I've loaded some date from file to table and now i want to convert the string with date to a datetime format. The string i 'datestring' column looks like this '12-16-2010 01:48:28', and if i run this query:
select STR_TO_DATE('12-16-2010 01:48:28', '%c-%e-%Y %T')
It returns proper datetime: 2010-12-16 01:48:28
But when i try to run this:
update database.`temptable`
SET datetimefile = (SELECT STR_TO_DATE(datestring, '%c-%e-%Y %T'))

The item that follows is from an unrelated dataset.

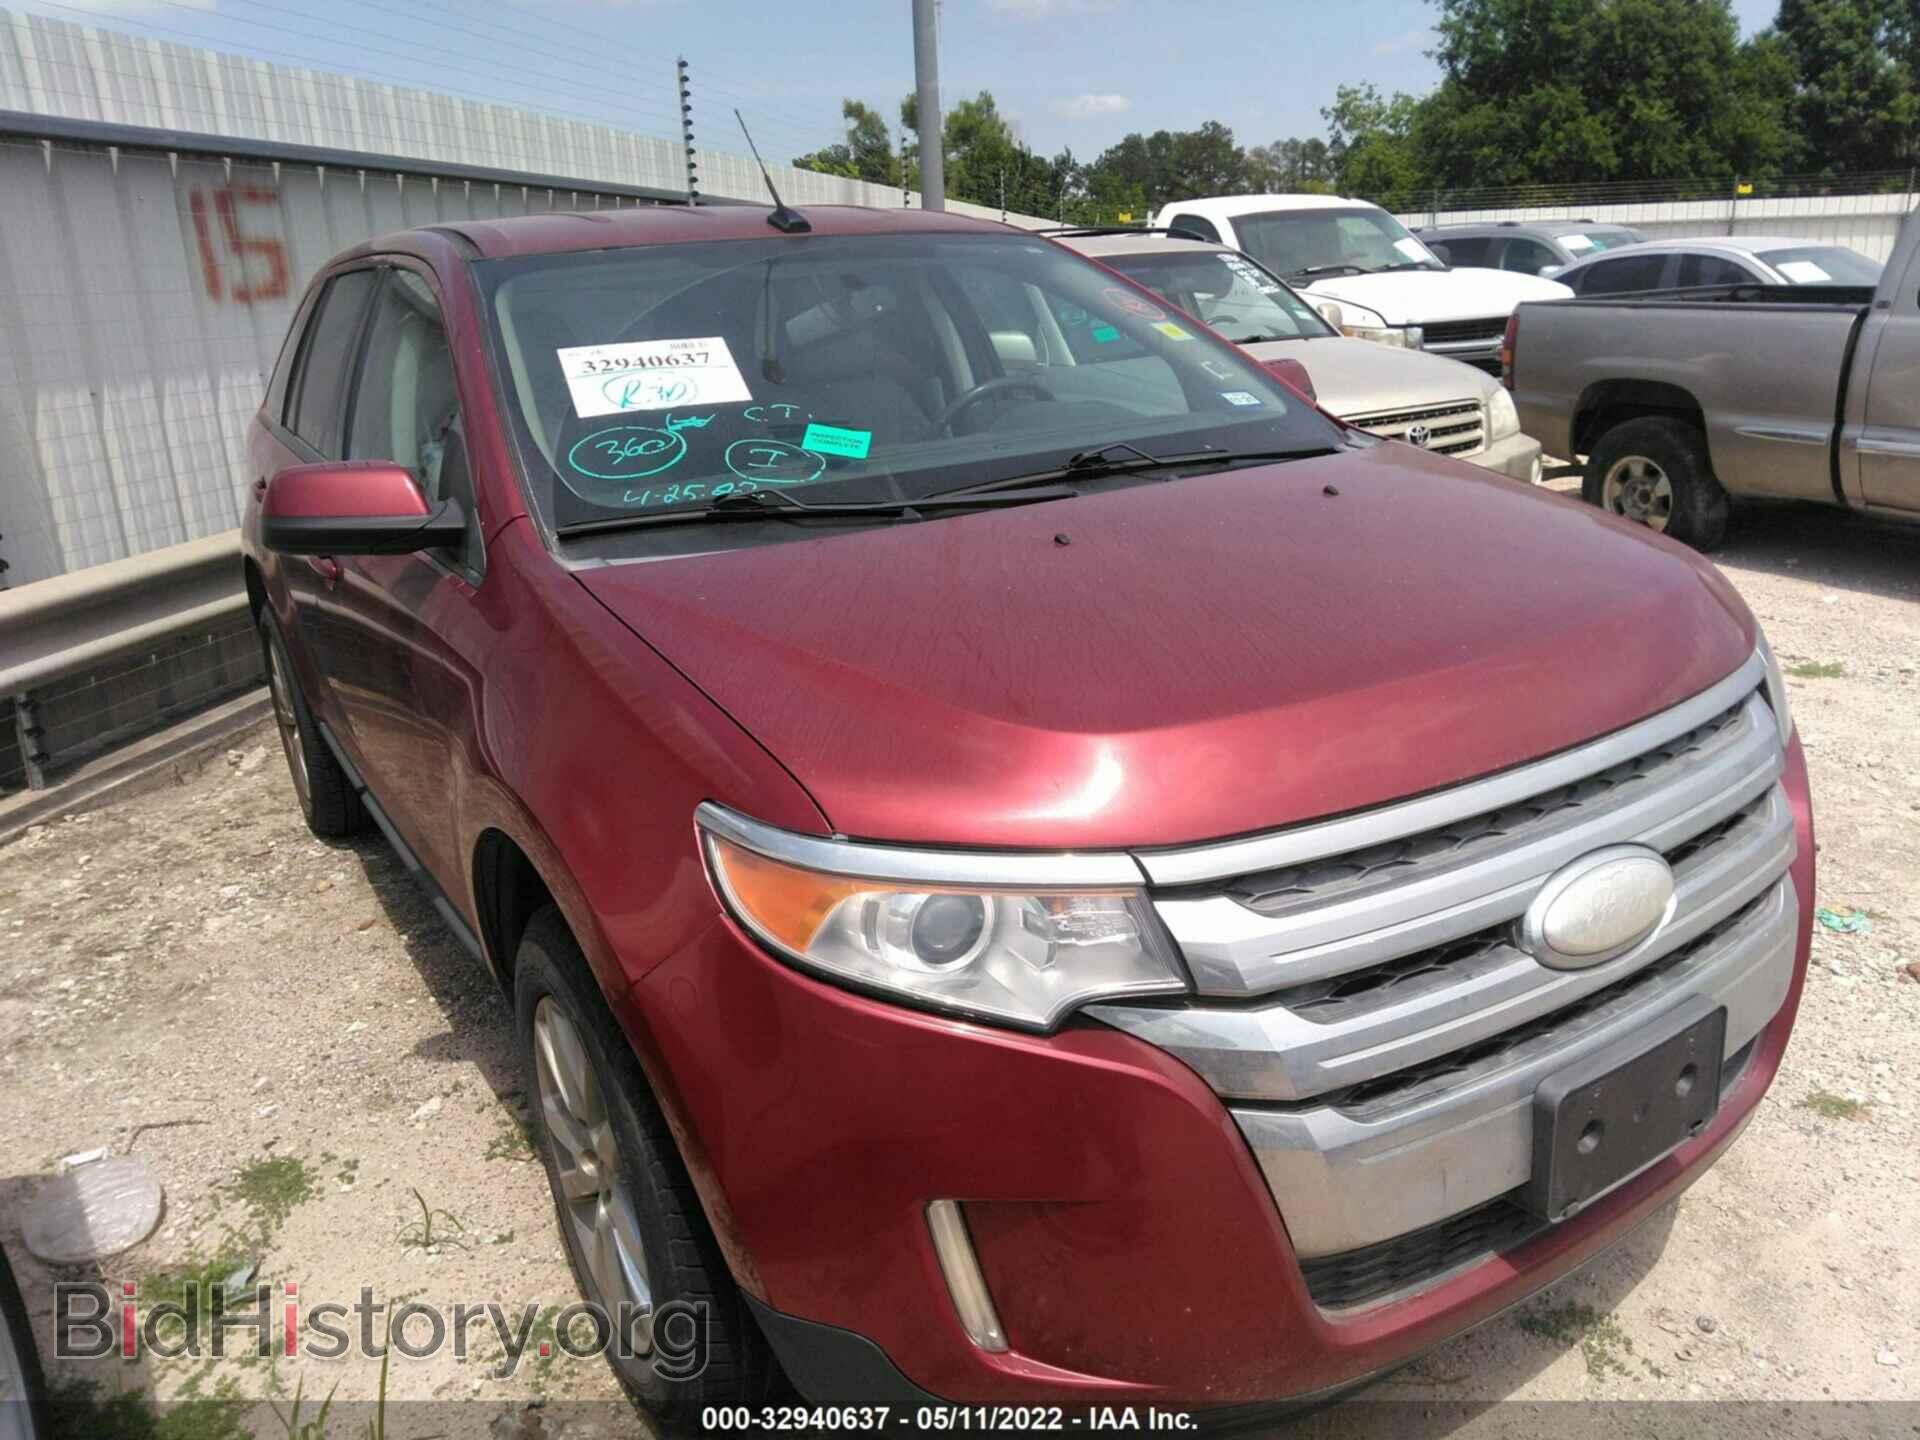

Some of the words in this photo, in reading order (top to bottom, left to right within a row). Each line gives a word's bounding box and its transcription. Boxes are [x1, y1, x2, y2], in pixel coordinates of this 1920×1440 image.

I get those kind of errors:
Incorrect datetime value: ''12-16-2010 01:48:28'' for function str_to_date
Any ideas?
Take a close look at the error message:
Incorrect datetime value: ''12-16-2010 01:48:28''
^^ 2 single quotes ^^
Compare this to the normal error message:
mysql> SELECT STR_TO_DATE('foo', '%c-%e-%Y %T');
+-----------------------------------+
| STR_TO_DATE('foo', '%c-%e-%Y %T') |
+-----------------------------------+
| NULL |
+-----------------------------------+
1 row in set, 1 warning (0.00 sec)
mysql> show warnings;
+---------+------+----------------------------------------------------------+
| Level | Code | Message |
+---------+------+----------------------------------------------------------+
| Warning | 1411 | Incorrect datetime value: 'foo' for function str_to_date |
+---------+------+----------------------------------------------------------+
1 row in set (0.00 sec) ^ ^ just 1 single quote
Normally, the error message has a single set of single quotes. Yours has a double set, suggesting that you actually have a set of single quotes stored in your column data.

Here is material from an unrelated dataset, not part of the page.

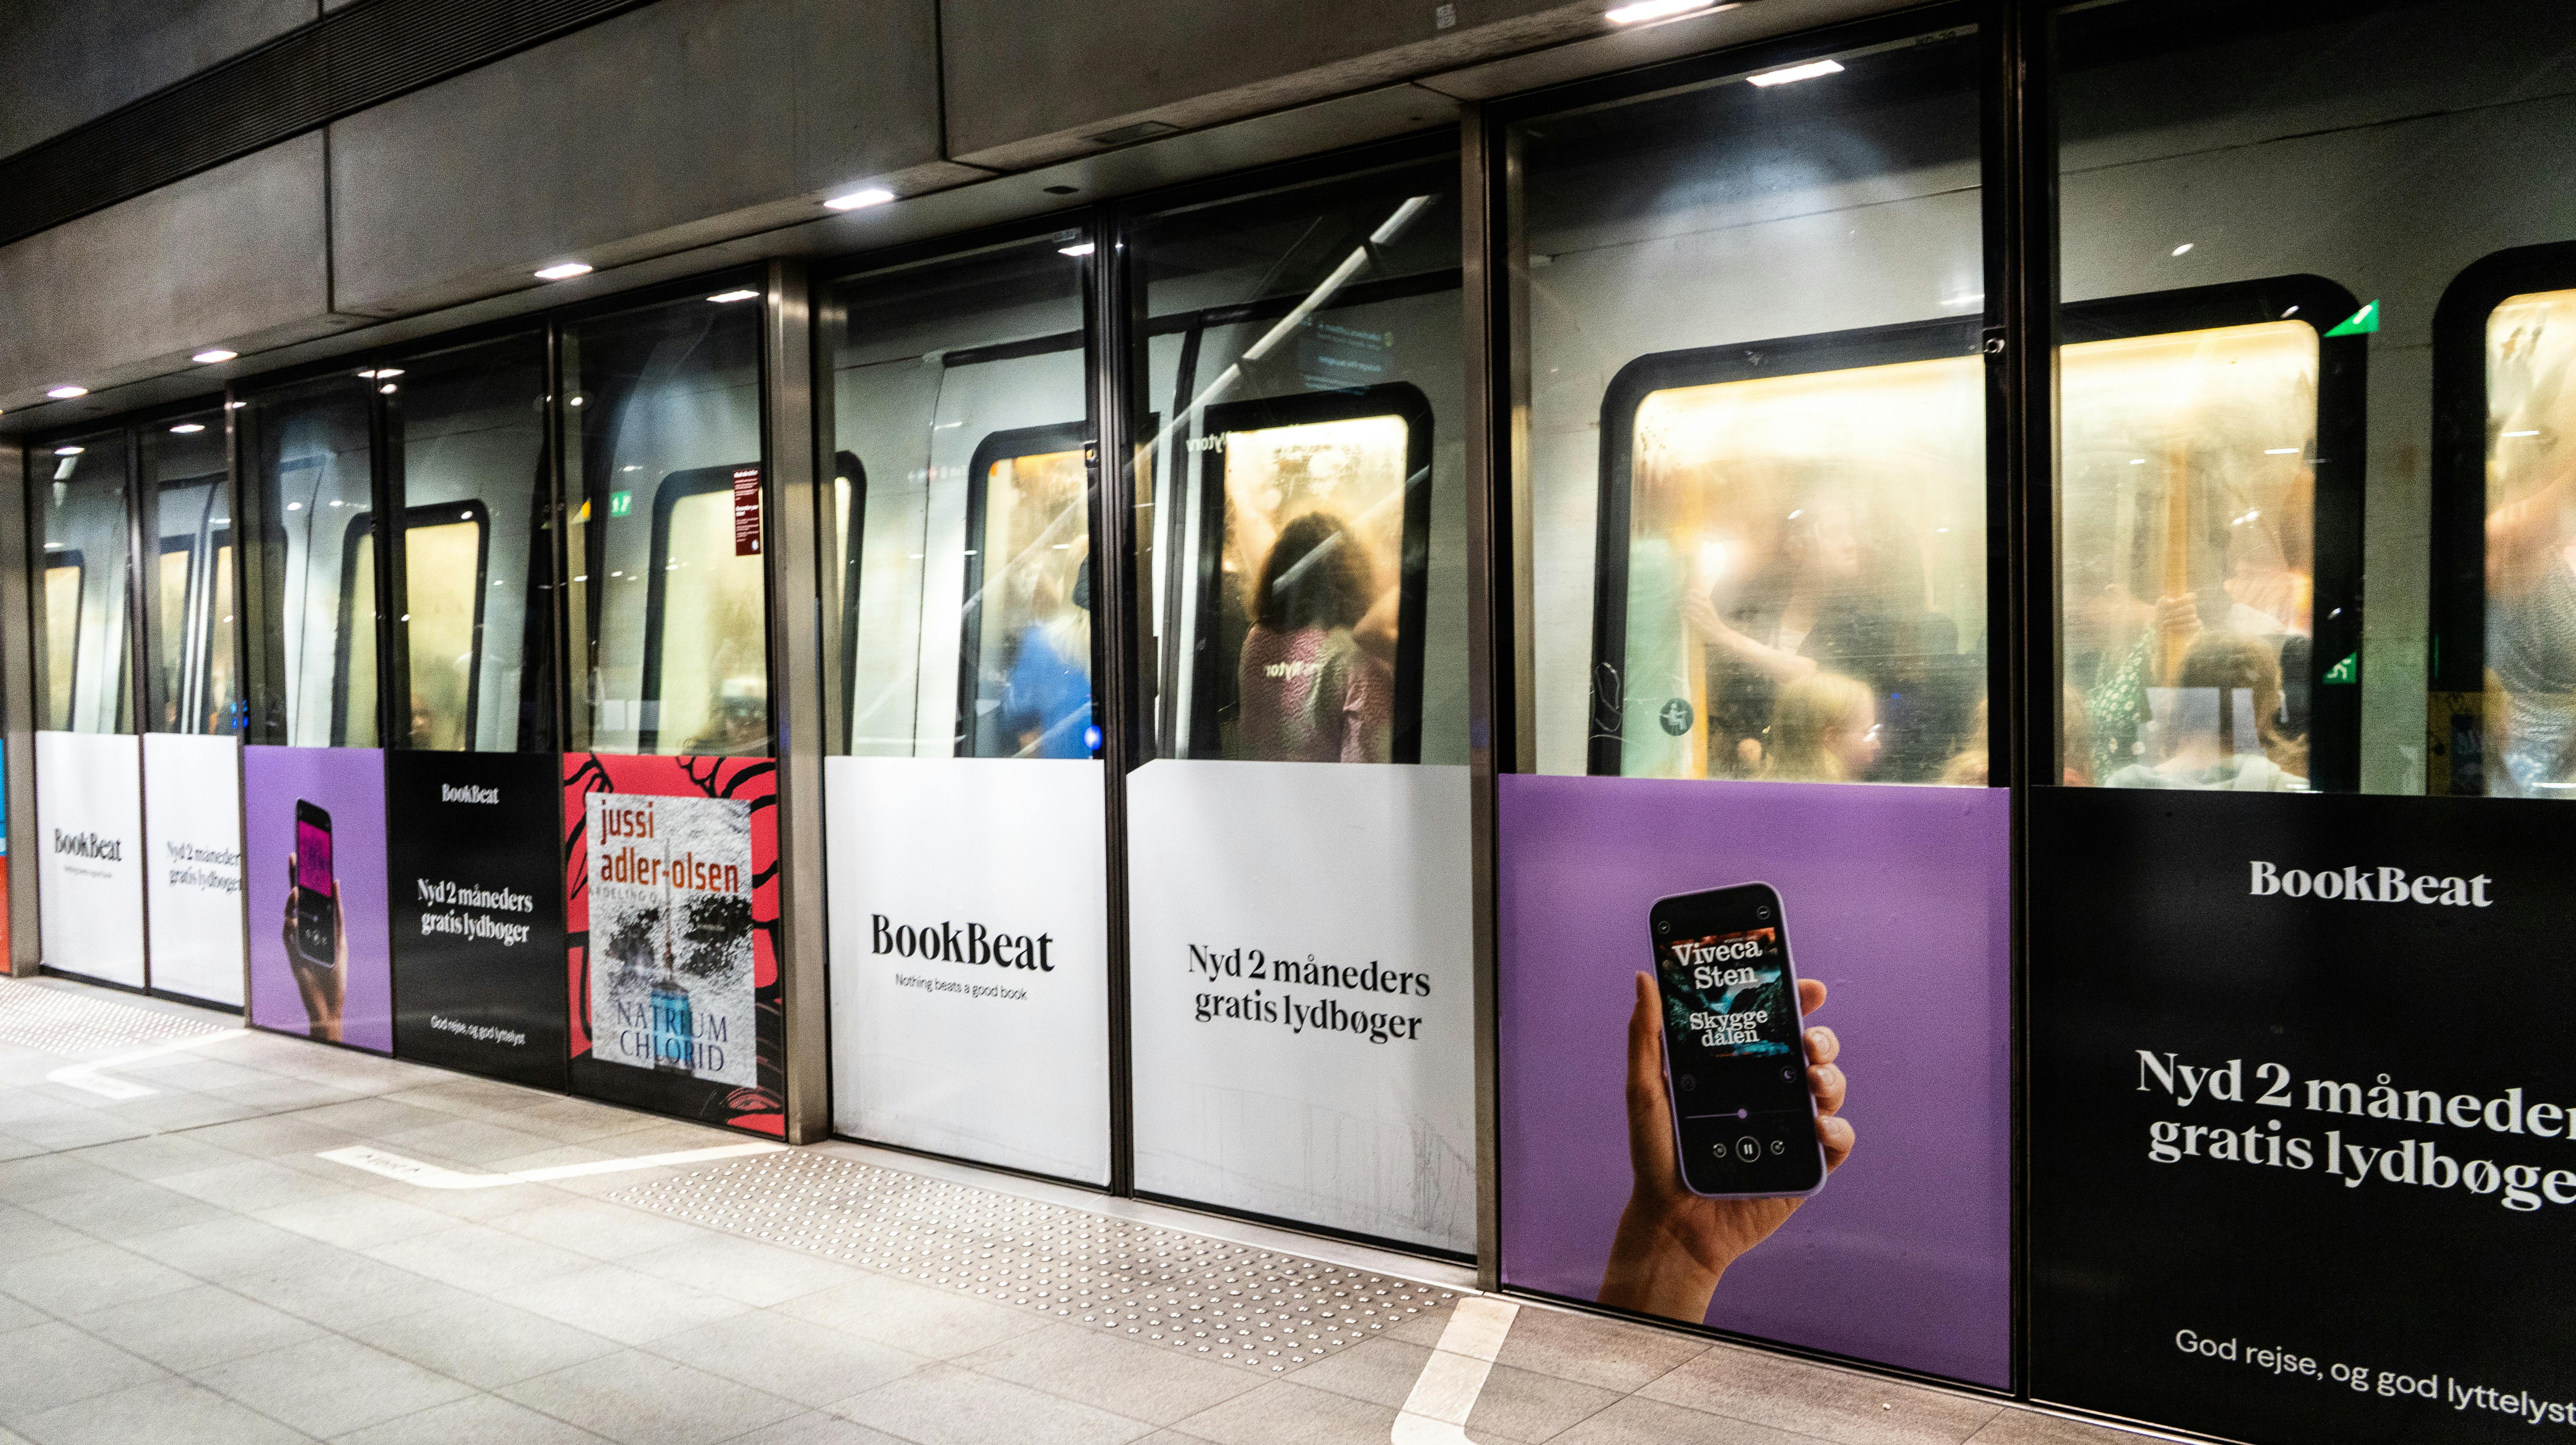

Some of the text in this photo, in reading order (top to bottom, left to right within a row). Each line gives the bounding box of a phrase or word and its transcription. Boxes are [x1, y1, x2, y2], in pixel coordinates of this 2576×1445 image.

If this is the case, you can work around this by removing them where they exist:
SET datetimefile = (SELECT STR_TO_DATE(REPLACE(datestring,"'",''), '%c-%e-%Y %T'))
Using REPLACE()
like this still would work even if not all of the rows contain the spurious quotes, since replace passes through the input value unchanged if the 'from_str' (2nd arg) doesn't occur.